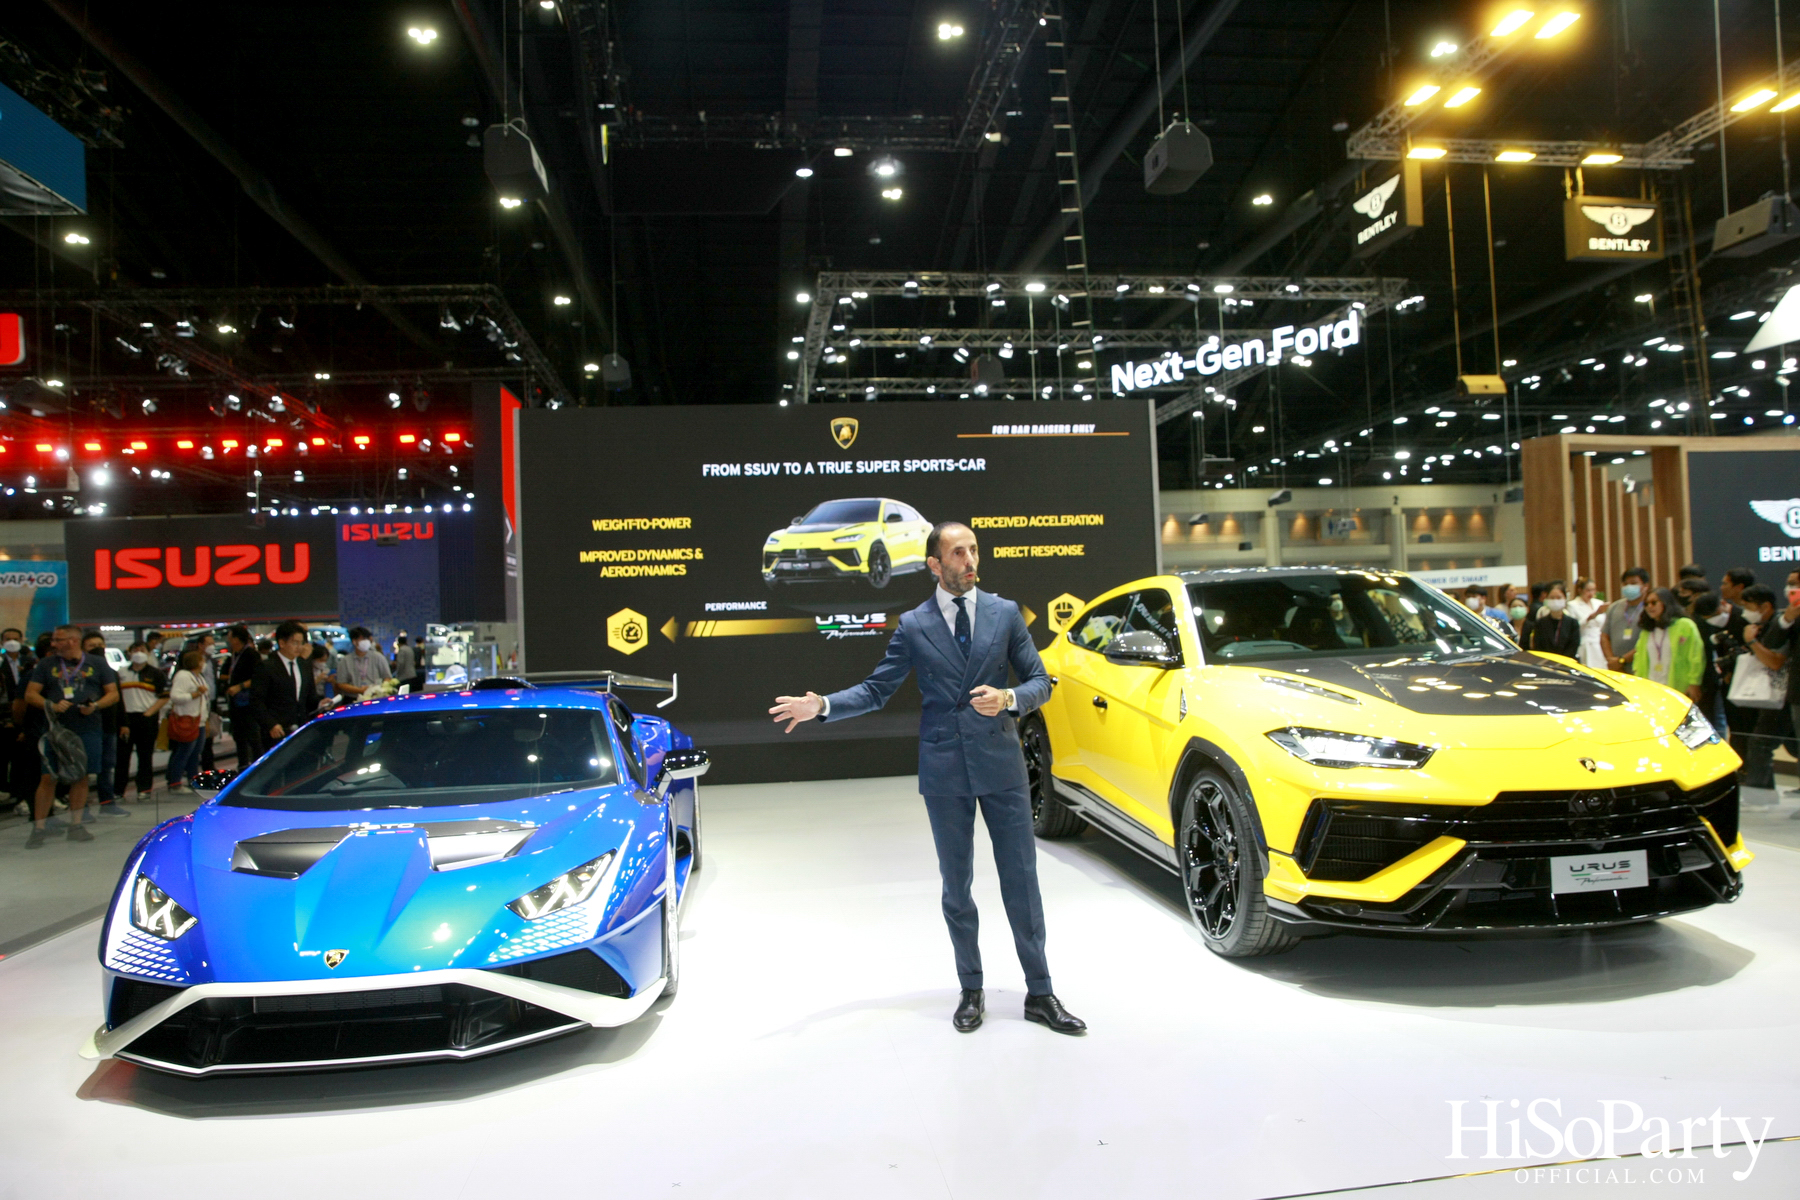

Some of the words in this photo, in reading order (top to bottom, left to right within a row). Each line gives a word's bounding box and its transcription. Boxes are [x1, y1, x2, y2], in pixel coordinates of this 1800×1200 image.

[1588, 237, 1651, 252] BENTLEY
[1111, 338, 1265, 394] Next-Gen
[1272, 309, 1359, 360] Ford
[1072, 423, 1096, 434] ONLY
[702, 463, 741, 477] FROM
[744, 462, 780, 476] SSUV
[783, 462, 802, 475] TO
[804, 461, 815, 475] A
[817, 461, 853, 474] TRUE
[856, 460, 900, 474] SUPER
[903, 458, 986, 473] SPORTS-CAR
[591, 517, 692, 531] WEIGHT-TO-POWER
[971, 516, 1028, 529] PERCEIVED
[1029, 514, 1104, 527] ACCELERATION
[579, 549, 636, 563] IMPROVED
[637, 548, 694, 561] DYNAMICS
[694, 547, 704, 560] &
[993, 545, 1029, 558] DIRECT
[1030, 544, 1085, 557] RESPONSE
[94, 542, 310, 590] ISUZU
[600, 564, 687, 578] AERODYNAMICS
[705, 601, 767, 612] PERFORMANCE
[815, 612, 887, 626] URUS
[1569, 859, 1631, 873] URUS
+ + + + +
**Task to carry out**
Return every entry above exactly. Pictures stay out.

**Response below**
Some of the words in this photo, in reading order (top to bottom, left to right within a row). Each line gives a word's bounding box and its transcription. Boxes are [x1, y1, x2, y2], in pixel coordinates of this 1800×1200 image.

[1588, 237, 1651, 252] BENTLEY
[1111, 338, 1265, 394] Next-Gen
[1272, 309, 1359, 360] Ford
[1072, 423, 1096, 434] ONLY
[702, 463, 741, 477] FROM
[744, 462, 780, 476] SSUV
[783, 462, 802, 475] TO
[804, 461, 815, 475] A
[817, 461, 853, 474] TRUE
[856, 460, 900, 474] SUPER
[903, 458, 986, 473] SPORTS-CAR
[591, 517, 692, 531] WEIGHT-TO-POWER
[971, 516, 1028, 529] PERCEIVED
[1029, 514, 1104, 527] ACCELERATION
[579, 549, 636, 563] IMPROVED
[637, 548, 694, 561] DYNAMICS
[694, 547, 704, 560] &
[993, 545, 1029, 558] DIRECT
[1030, 544, 1085, 557] RESPONSE
[94, 542, 310, 590] ISUZU
[600, 564, 687, 578] AERODYNAMICS
[705, 601, 767, 612] PERFORMANCE
[815, 612, 887, 626] URUS
[1569, 859, 1631, 873] URUS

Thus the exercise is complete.